豊橋、豊川市にまたがる「松原用水・牟呂用水」が先月、国際かんがい排水委員会(本部インド)の「世界かんがい施設遺産」に登録。16日に東京で伝達式があり、日比敏雄・松原用水土地改良区理事長と古関充宏・牟呂用水同理事長が、そろって登録証や記念盾を受け取った。松原用水は今年通水450周年、牟呂用水は130周年。これを機に12月2日午後1時半から、豊川市文化会館で記念行事が催されるなど、両施設のもたらす恵みにスポットが当てられそうだ。
松原用水・牟呂用水はともに、豊川から「牟呂松原頭首工」(新城市一鍬田)で取水する施設。
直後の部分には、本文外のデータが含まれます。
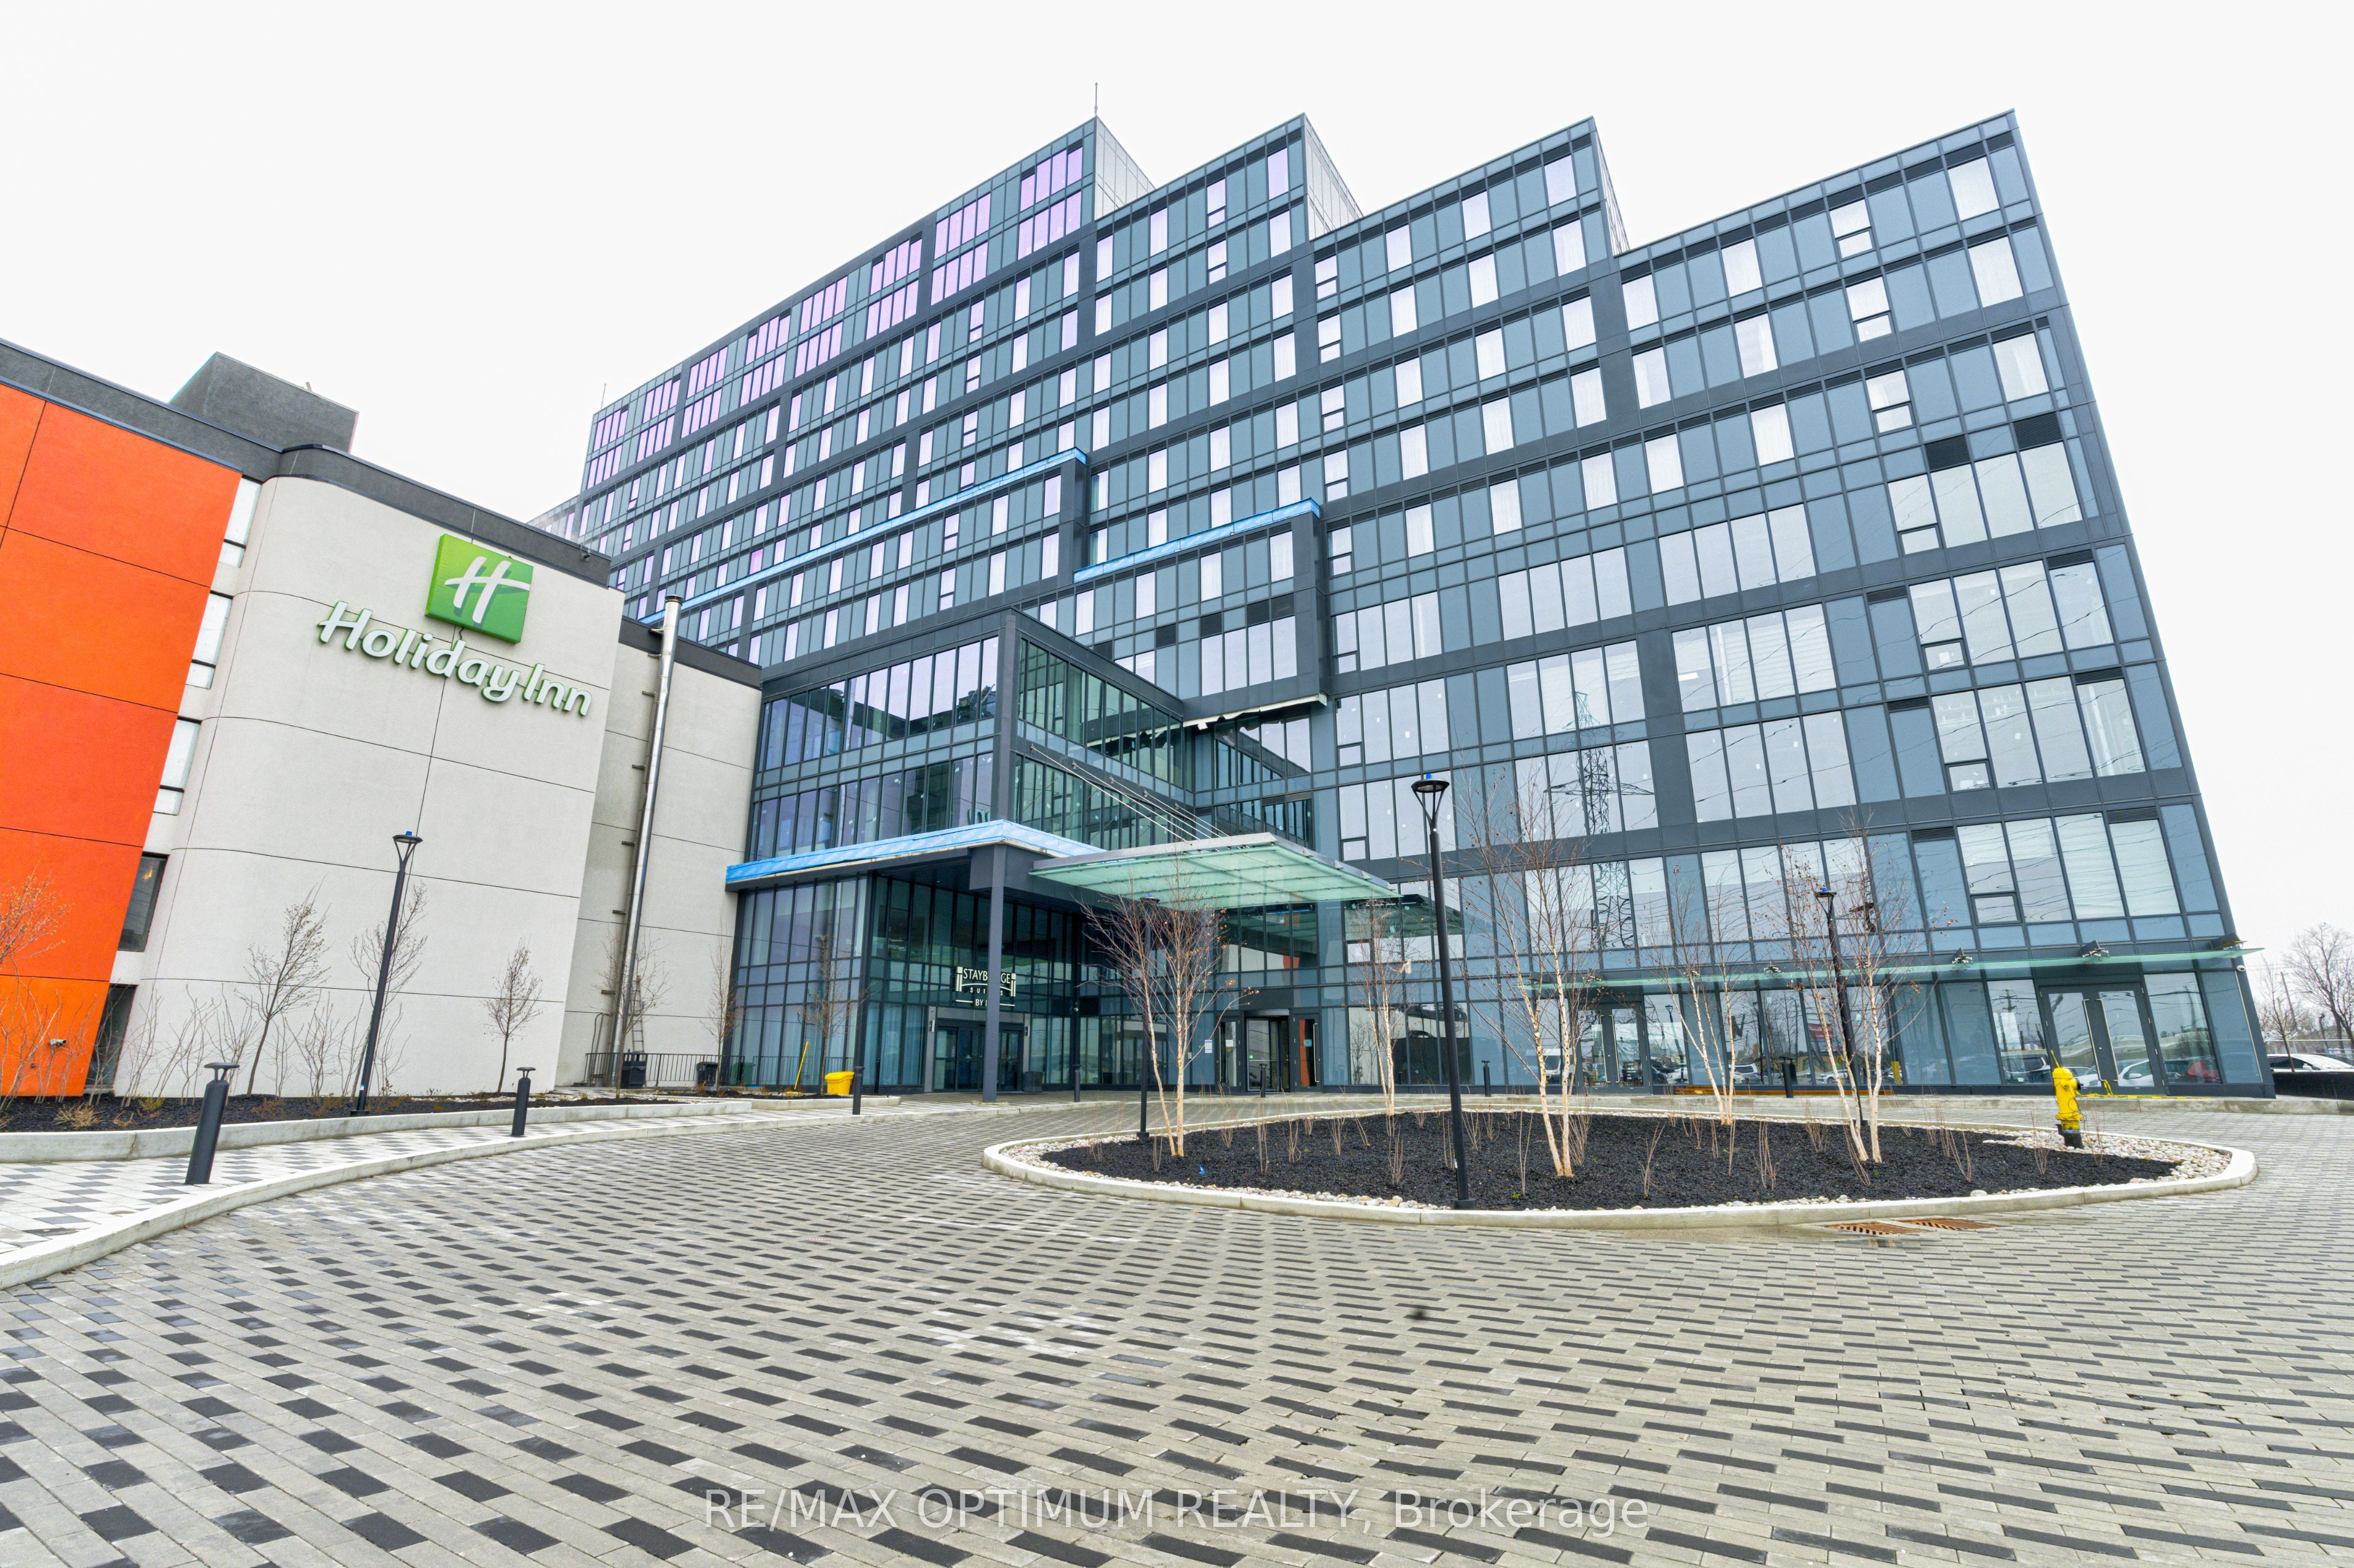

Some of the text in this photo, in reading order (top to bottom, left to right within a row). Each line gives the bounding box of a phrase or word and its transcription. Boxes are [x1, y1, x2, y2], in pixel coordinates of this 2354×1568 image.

[317, 600, 592, 717] Holiday Inn
[963, 969, 1010, 983] STAYBGE
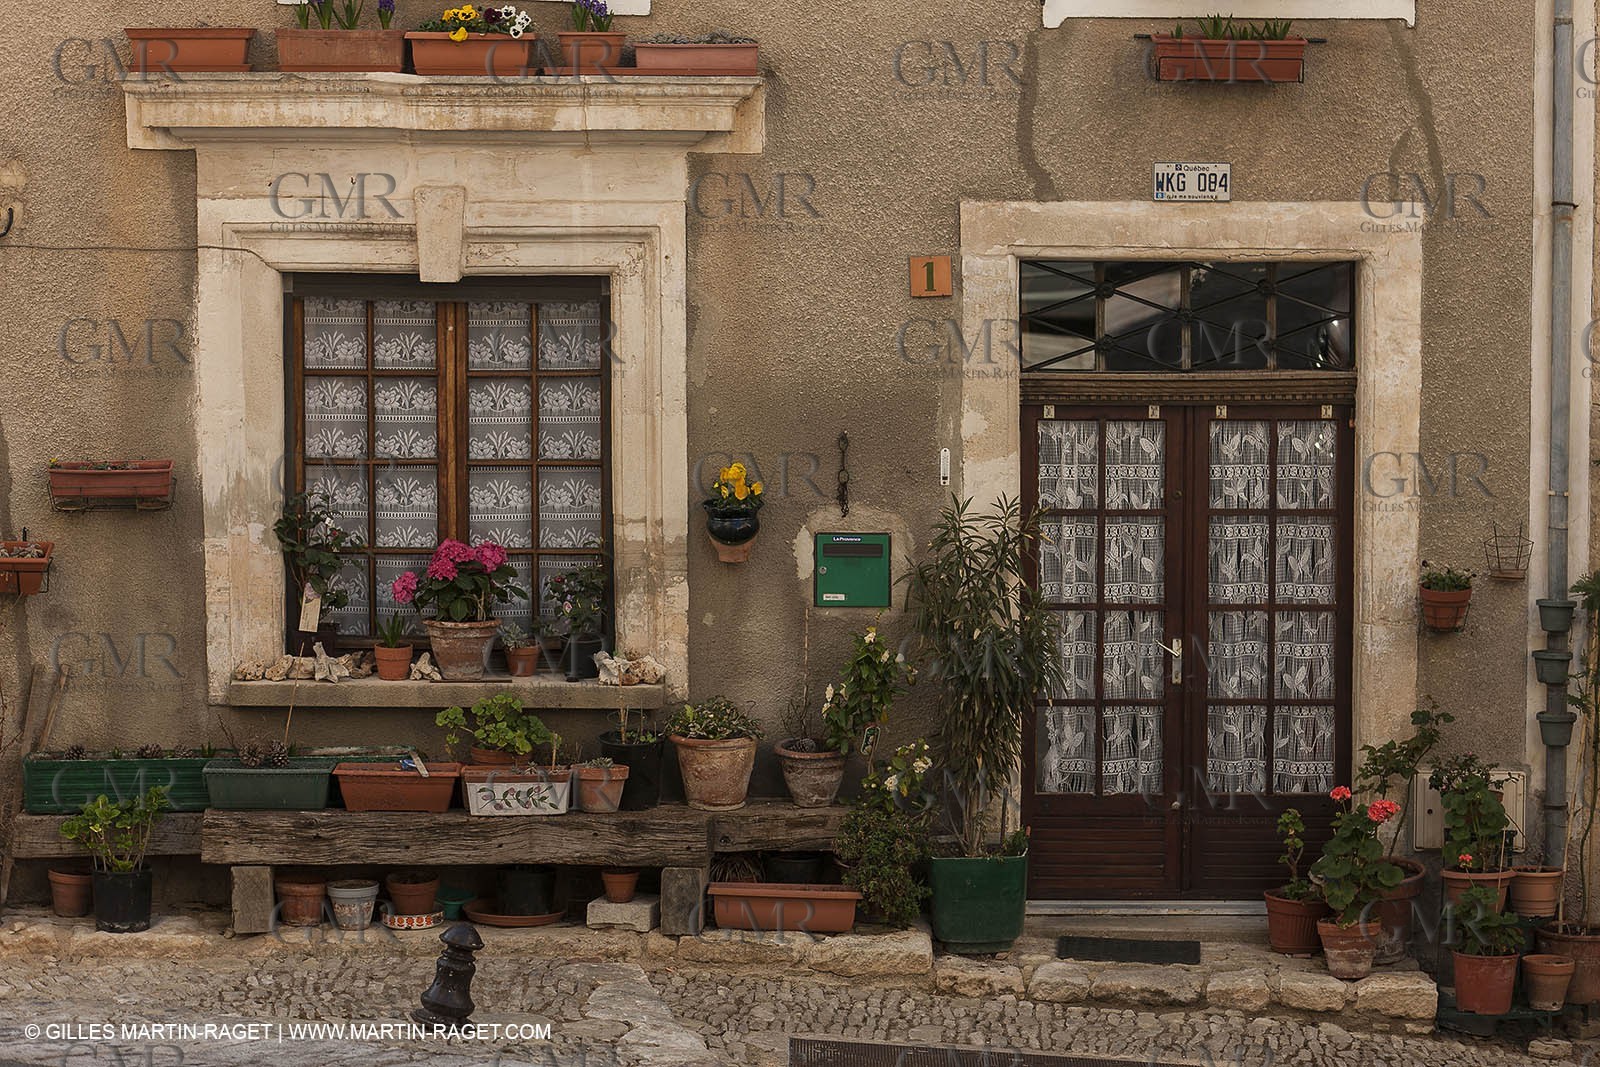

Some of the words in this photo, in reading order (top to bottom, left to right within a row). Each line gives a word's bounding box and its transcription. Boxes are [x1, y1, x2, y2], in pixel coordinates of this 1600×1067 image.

[1184, 164, 1210, 172] Québec
[1156, 172, 1186, 192] WKG
[1198, 172, 1228, 192] 084
[922, 262, 936, 291] 1
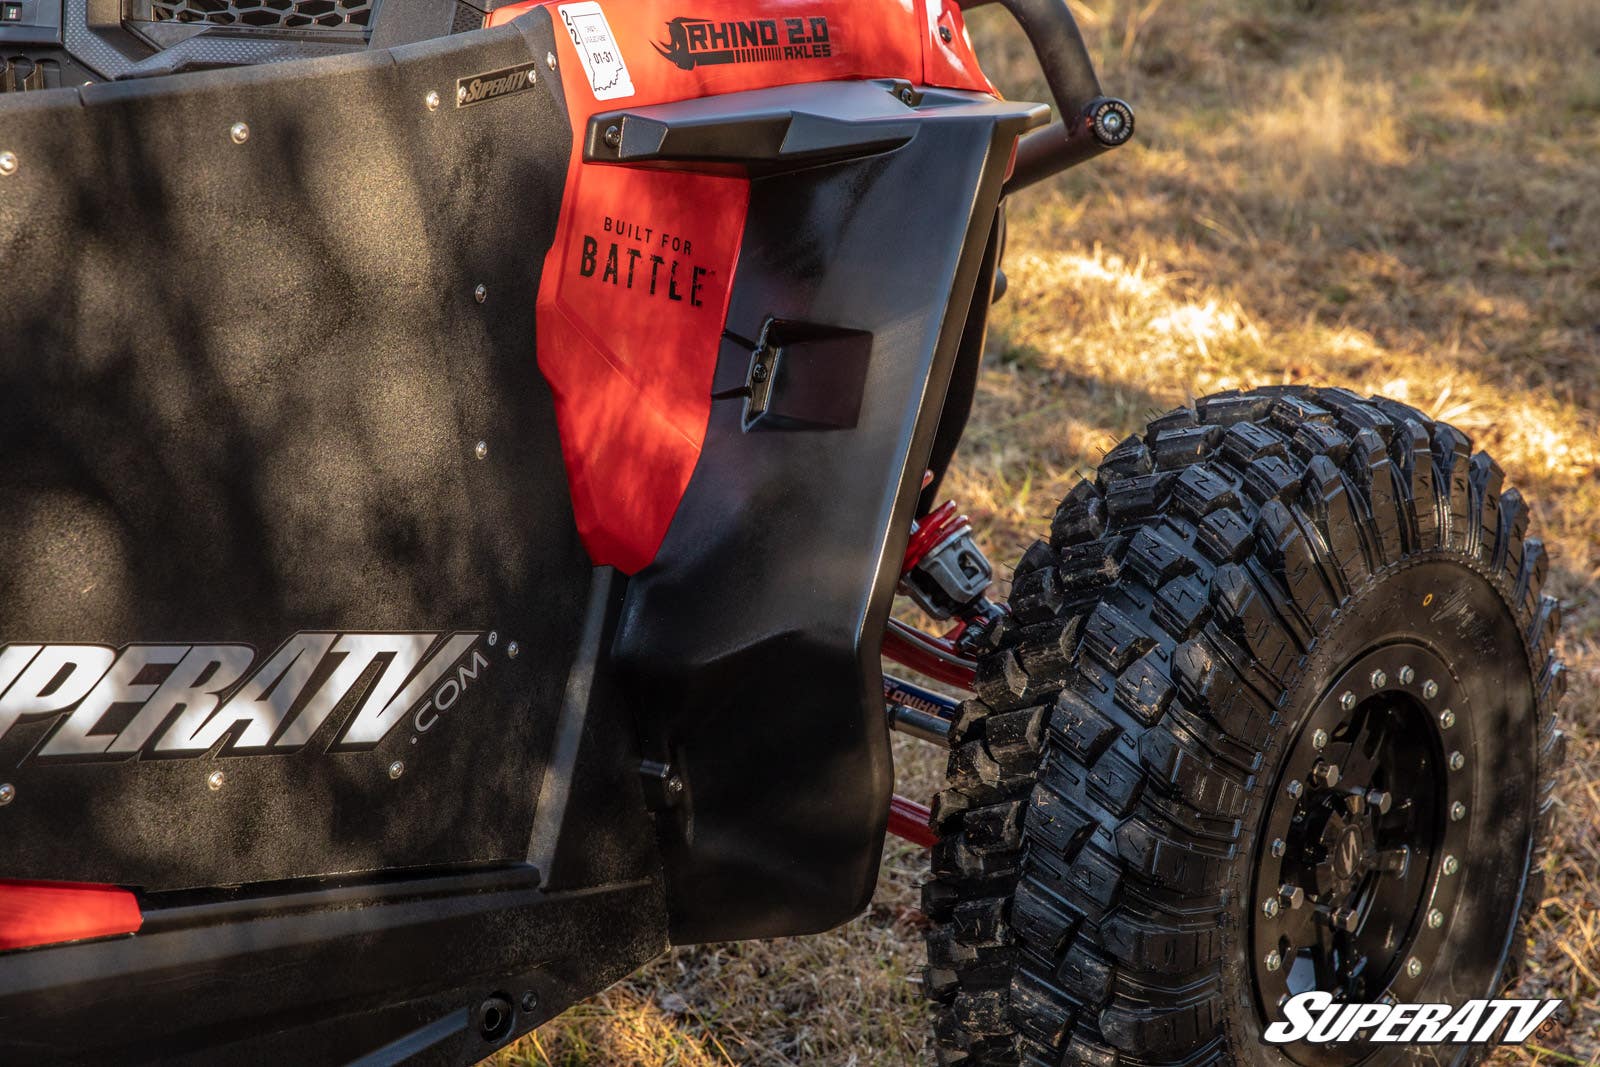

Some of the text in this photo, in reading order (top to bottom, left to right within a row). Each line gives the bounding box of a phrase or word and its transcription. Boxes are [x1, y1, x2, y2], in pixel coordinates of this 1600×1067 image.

頭首工から牟呂松原幹線水路を5・3㌔流下し、「照山分水工」(豊橋市賀茂町)で豊川右岸の松原用水、左岸側の牟呂用水に分かれる。合わせて約1600㌶の水田を潤し続けている。
うち松原用水は1567年、吉田城主・酒井忠次によって開墾されたという、県内最古の農業用水施設。照山分水工から豊川をサイホンでくぐって右岸側に出て、約12㌔流れて再び豊川に落水する。牟呂用水は1887年、大規模新田開発(神野新田)に伴う水源として開削された。照山分水工から豊橋市内に入り、市街地を抜けて神野水田までの全長約23㌔。戦前戦後は簡易プールや洗濯場として利用されたほか、現在も「530運動」で地元中学生が清掃奉仕するなど、市民に親しまれている。
わが国では今回、松原・牟呂用水のほか土淵堰(青森県)、那須疏水(栃木県)、小田井用水路(和歌山県)も登録され、これで世界かんがい遺産登録施設は計31施設となった。県内でこの登録を受けたのは、入鹿池(犬山市)明治用水(安城市など)に次いで3番目。
伝達式は農林水産省本館で開かれ、同省の荒川隆農村振興局長からそれぞれ、4施設の代表者に登録証など手渡された。続いて出席者同士による意見交換会があり、これを機に、用水施設に対する住民理解を高めていくいくことで合意した。
12月2日に開かれる記念行事は、松原用水土地改良区の主催。記念式典に続き愛知大学名誉教授の藤田佳久氏が「450年の歴史を守った松原用水の役割と流域の地域像」をテーマに講演する。参加無料だが事前予約が必要。申し込み・問い合わせは同改良区(0533・86・0220)まで。